No mucho tiempo atrás había sido un montón de grasa, una verdadera carga para sí mismo. Algunos capitanes que visitaron la isla le habían aconsejado que anduviera y, aunque esto significaba romper con sus costumbres y tradiciones, practicó el remedio con provecho. Su corpulencia es ahora soportable; es más robusto que grueso, pero sus pasos son siempre pesados, vacilantes y paquidérmicos. Aunque jamás se detiene ni apresura, se ocupa de sus asuntos con una decisión implacable. Siempre que lo veíamos nos sorprendían sus extraordinarias dotes naturales para el teatro: su perfil aguileño, que recordaba la máscara de Dante en el Palazzo Vecchio, su larga cabellera negra, sus ojos brillantes, arrogantes y escrutadores; para quien hubiese sabido utilizarlo con arte, aquel rostro habría constituido una fortuna. Su voz complementaba el aspecto físico, pues era aguda, poderosa, fantástica. En un lugar donde no existe la mda, donde no hay nadie que la imponga ni dispuesto a seguirla en caso de que se estableciera, así como nadie para criticarla, el rey viste –como diría Charles Grandison (2)- según se le antoja. Ora luce ropa femenina, ora un uniforme de la marina; a veces (las más) un disfraz de su propia cosecha: pantalones y levita. El corte es sorprendente por tratarse de un trabajo insular, el tejido es siempre bello, en ocasiones de terciopelo verde, en otras de seda roja. Este traje le sienta a las mil maravillas. Ataviado con prendas de mujer, parece increíblemente sombrío y amenazador. Todavía lo veo venir hacia mí, bajo el sol cruel, solitario, como un héroe de Hoffmann.

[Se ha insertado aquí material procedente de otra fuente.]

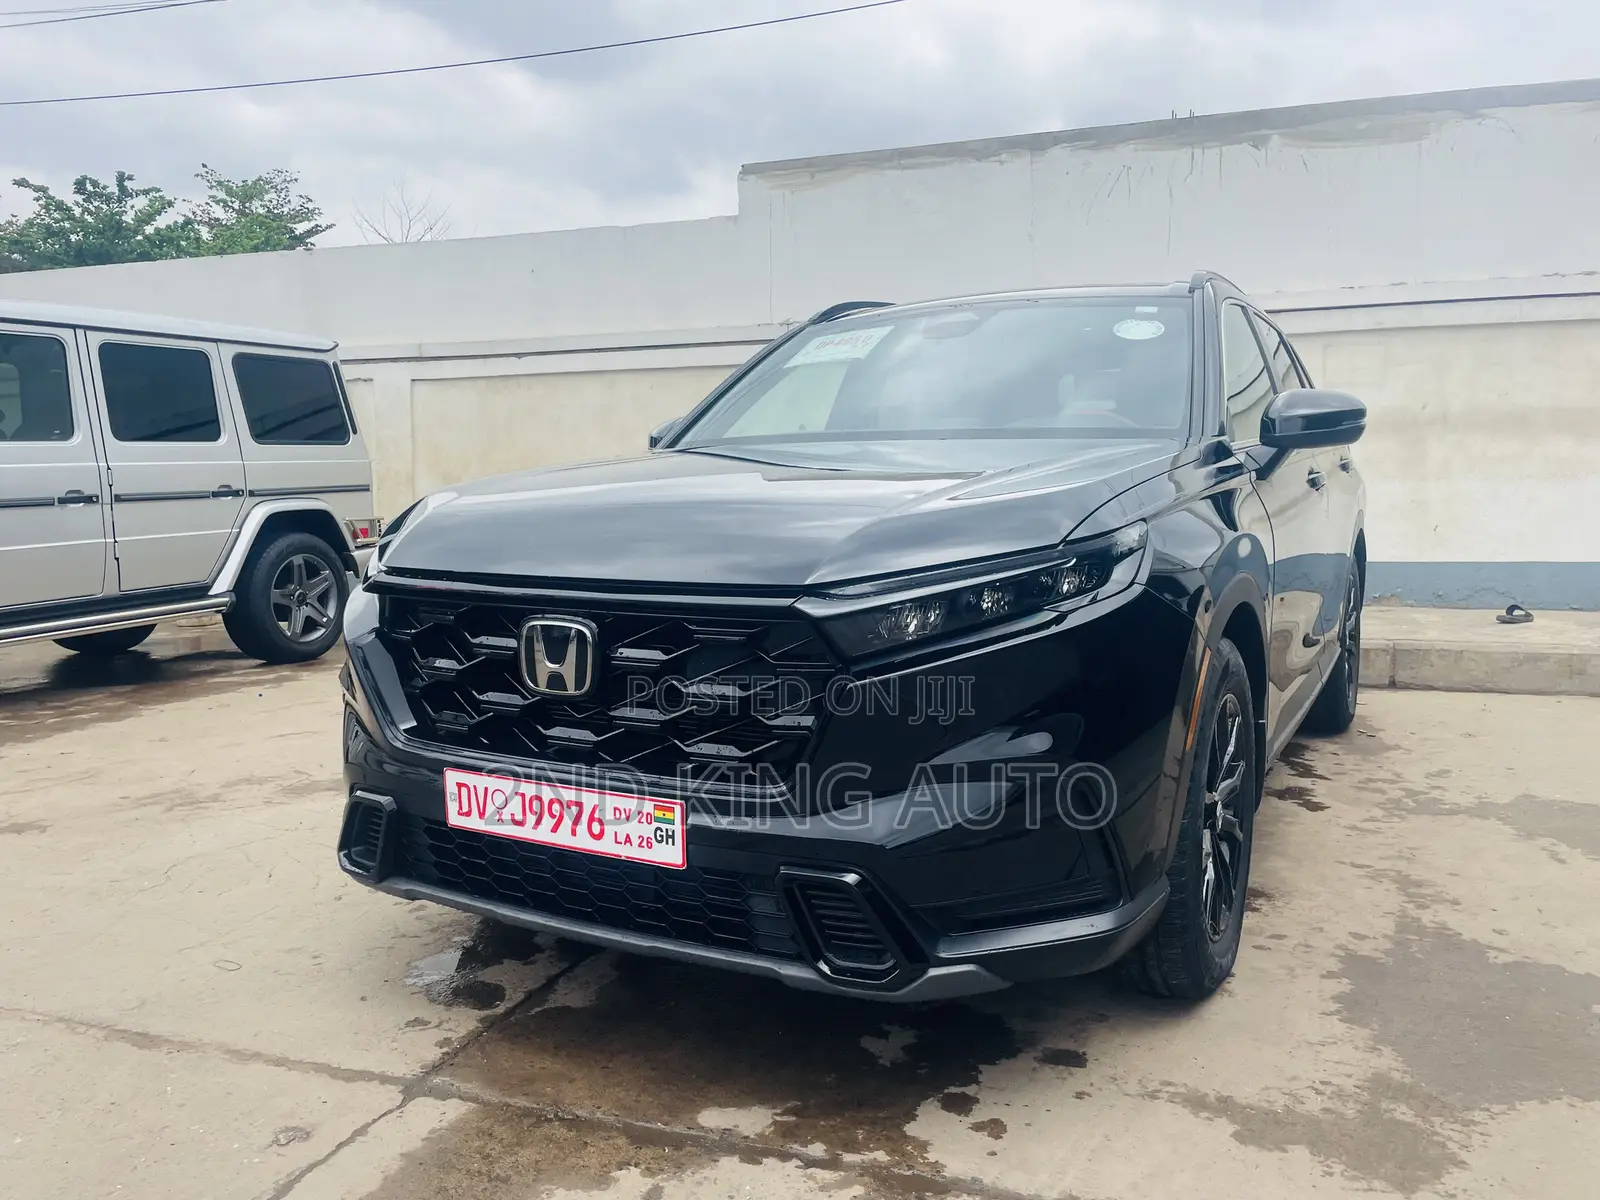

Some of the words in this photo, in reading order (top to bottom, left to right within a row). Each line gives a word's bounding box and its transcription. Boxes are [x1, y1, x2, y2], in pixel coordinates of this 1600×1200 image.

[455, 781, 489, 821] DV
[510, 791, 606, 841] J9976
[613, 806, 632, 822] DV
[637, 810, 653, 825] 20
[614, 830, 633, 847] LA
[637, 834, 653, 850] 26
[653, 826, 676, 847] GH

Una visita a un barco, como aquella que nos rendía, constituía una fiesta importante y una distracción para Tembinok. No es sólo el único gobernante, sino también el único mercader de su triple reino: Apemama, Aranuka y Kuria, islas fértiles. El taro pertenece a los jefes, que lo reparten, según su criterio, entre su séquito inmediato, pero ciertos pescados, las tortugas –que abundan en Kuria- y toda la cosecha de cocos son propiedad exclusiva de Tembinok.

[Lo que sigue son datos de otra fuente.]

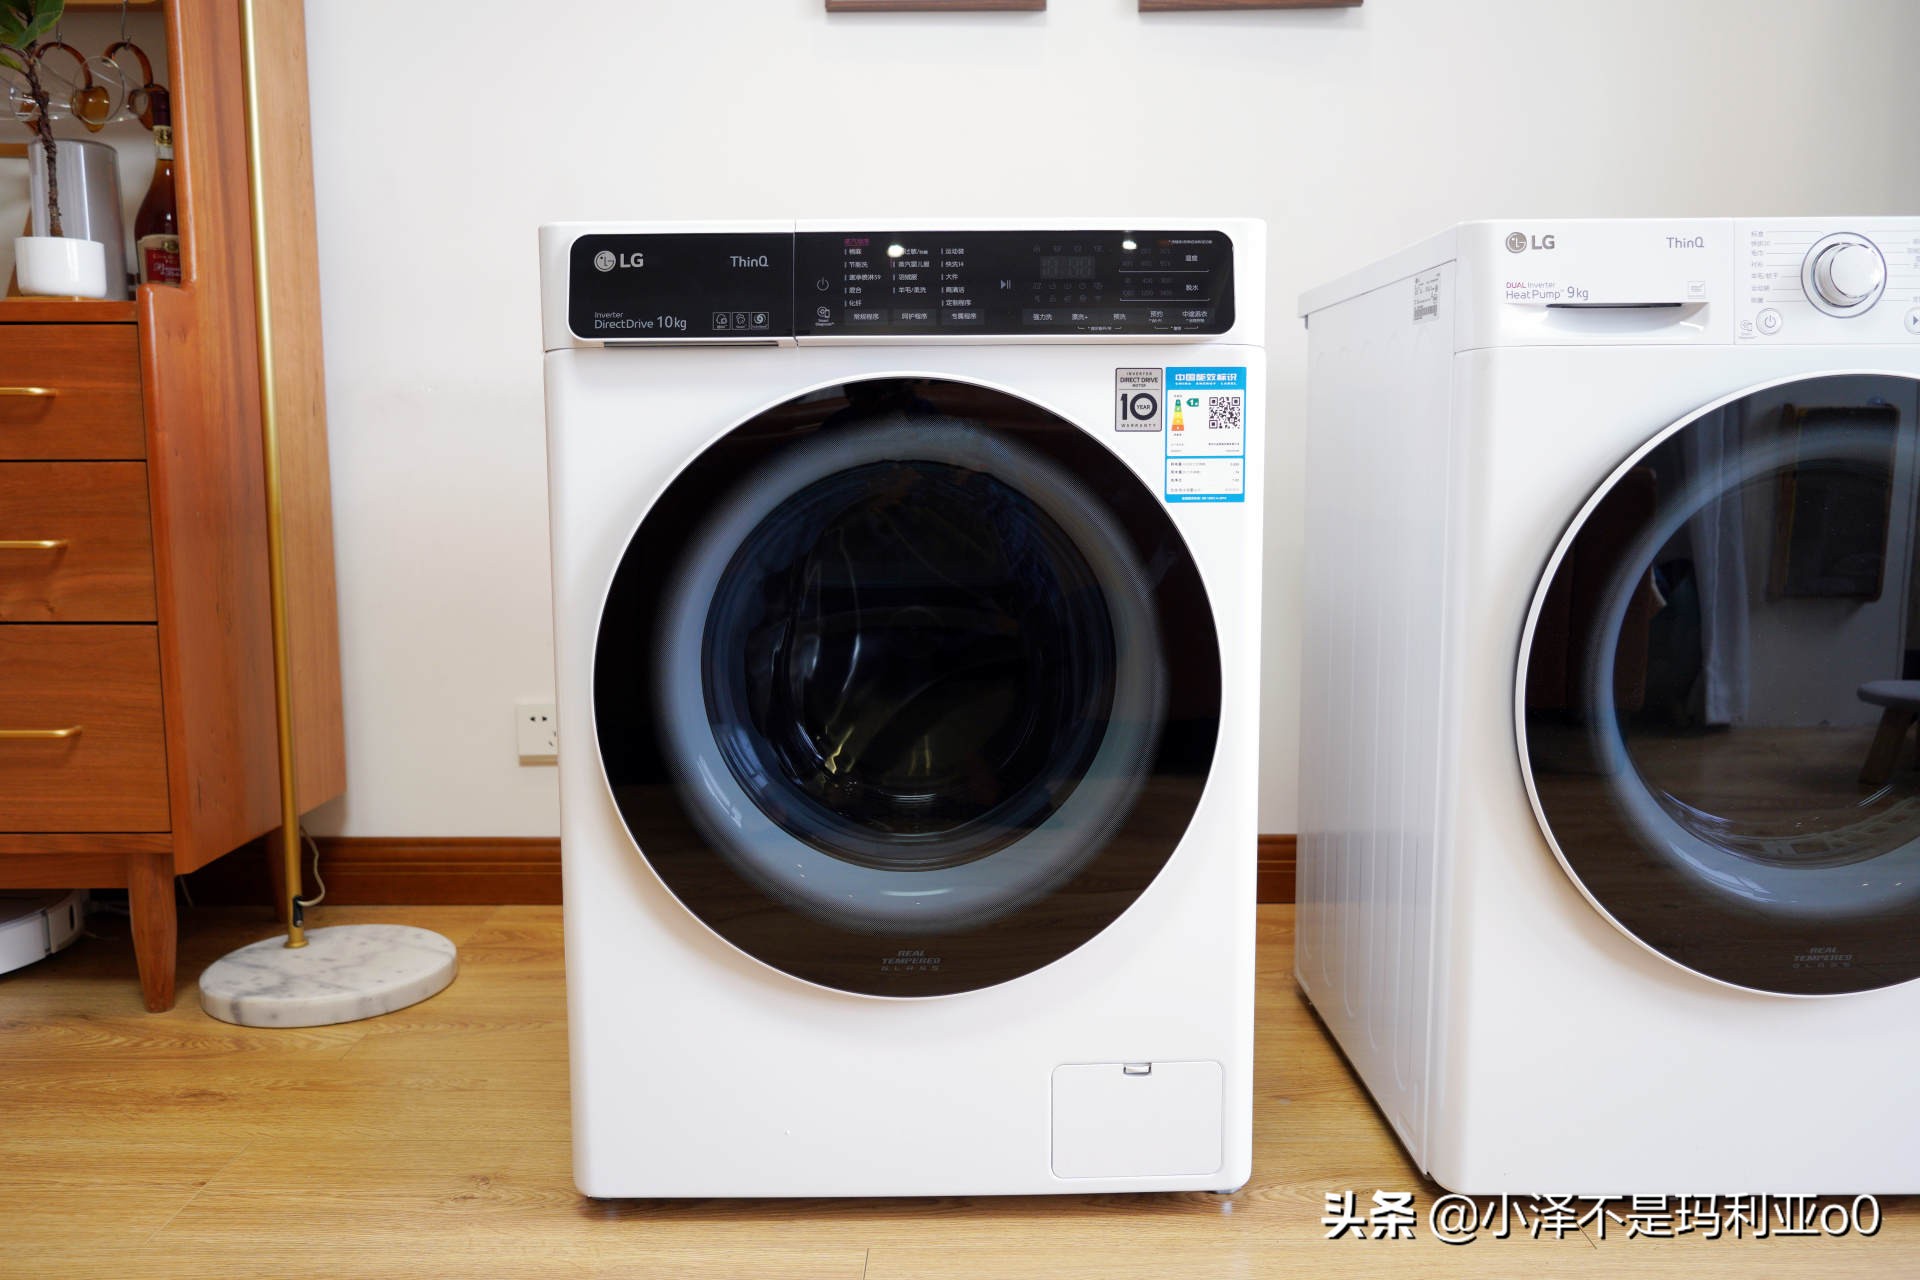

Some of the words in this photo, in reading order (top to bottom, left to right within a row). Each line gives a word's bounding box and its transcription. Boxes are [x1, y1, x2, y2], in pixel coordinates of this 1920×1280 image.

[1531, 234, 1556, 250] LG
[1666, 236, 1705, 248] ThinQ
[619, 253, 644, 268] LG
[730, 255, 769, 268] ThinQ
[1506, 281, 1527, 289] DUAL
[594, 319, 654, 329] DirectDrive
[1119, 376, 1140, 384] DIRECT
[1175, 373, 1238, 382] 中国能效标识

–         Toda copra mía- afirmó Su Majestad con un gesto de la mano; la cuenta y la vende por casas.

–         ¿Tenéis copra, rey?- le preguntó cierta vez un mercader.

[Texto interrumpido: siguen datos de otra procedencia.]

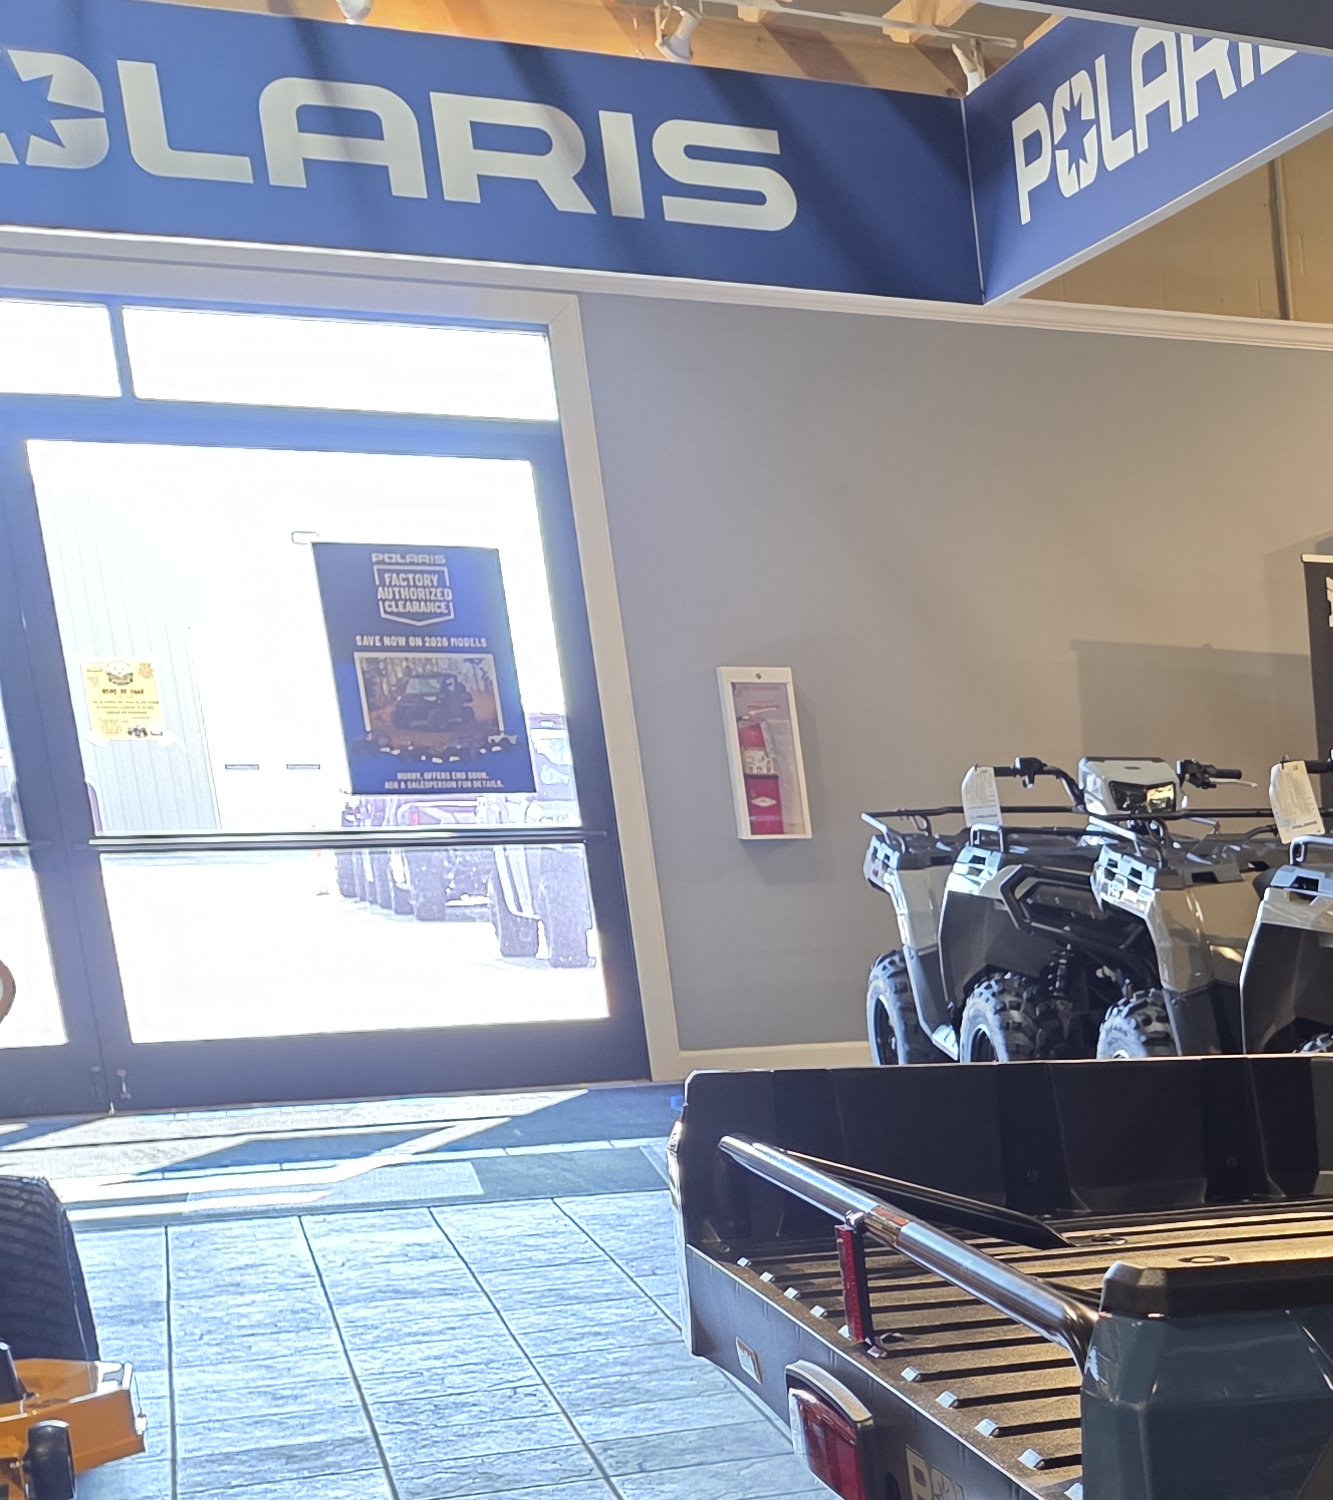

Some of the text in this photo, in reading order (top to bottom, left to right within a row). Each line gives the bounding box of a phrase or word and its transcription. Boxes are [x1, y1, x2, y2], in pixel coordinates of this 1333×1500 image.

[371, 553, 447, 564] POLARIS
[384, 573, 438, 586] FACTORY
[378, 586, 452, 601] AUTHORIZED
[384, 600, 448, 613] CLEARANCE
[356, 635, 381, 647] SAVE
[383, 636, 406, 647] NOW
[408, 637, 422, 647] ON
[450, 638, 487, 648] MODELS

–         Tengo dos o tres casas- contestó Su Majestad-; sí, creo que tres.

De ahí la importancia comercial de Apemama, puesto que el comercio de las tres islas se halla allí concentrado en una sola mano; de ahí también la imposibilidad que han encontrado tantos blancos para adquirir o conversar un establecimiento. Ello explica por qué los navíos están adornados, los cocineros reciben órdenes especiales y los capitanes prodigan tanto sus sonrisas para saludar al rey. Si éste queda satisfecho con la acogida que le han dispensado y los manjares que le han ofrecido, en ocasiones permanece varios días a bordo, y a menudo cada hora reporta un beneficio para la embarcación. Pasa su tiempo entre el camarote, donde se le sirven alimentos exóticos y la bodega, donde goza del placer de comprar en una escala proporcionada a su corpulencia. Algunos cortesanos obsequios velan a la puerta a la espera de su más mínima indicación. En la chalupa, que ha echado el ancla detrás de la embarcación, un par de sus mujeres se protegen del sol con esteras, las olas de la laguna las mecen y soportan verdaderas agonías de calor y de tedio. Esta severidad se perdona de vez en cuando; entonces se les permite subir a bordo. Tres o cuatro de ellas, damas obesas vestidas con ridis vaporosos, recibieron este favor el día de nuestra llegada. Cada una poseía su ración de copra, que constituía su peculium, del cual debía disponer a su antojo. El contenido del pañol –los sombreros, las cintas, los tejidos, los perfumes, las latas de salmón en conserva-,  alegría de los ojos y deseo de la carne, las tentó. Todas tenían una idea fija: el tabaco, moneda de las islas, que para ellas equivale a piezas de oro; se llevaron una provisión a tierra; se marcharon cargadas, pero felices, y a altas horas de la noche las vimos en la terraza real, donde contaban los paquetes a la luz de una lámpara.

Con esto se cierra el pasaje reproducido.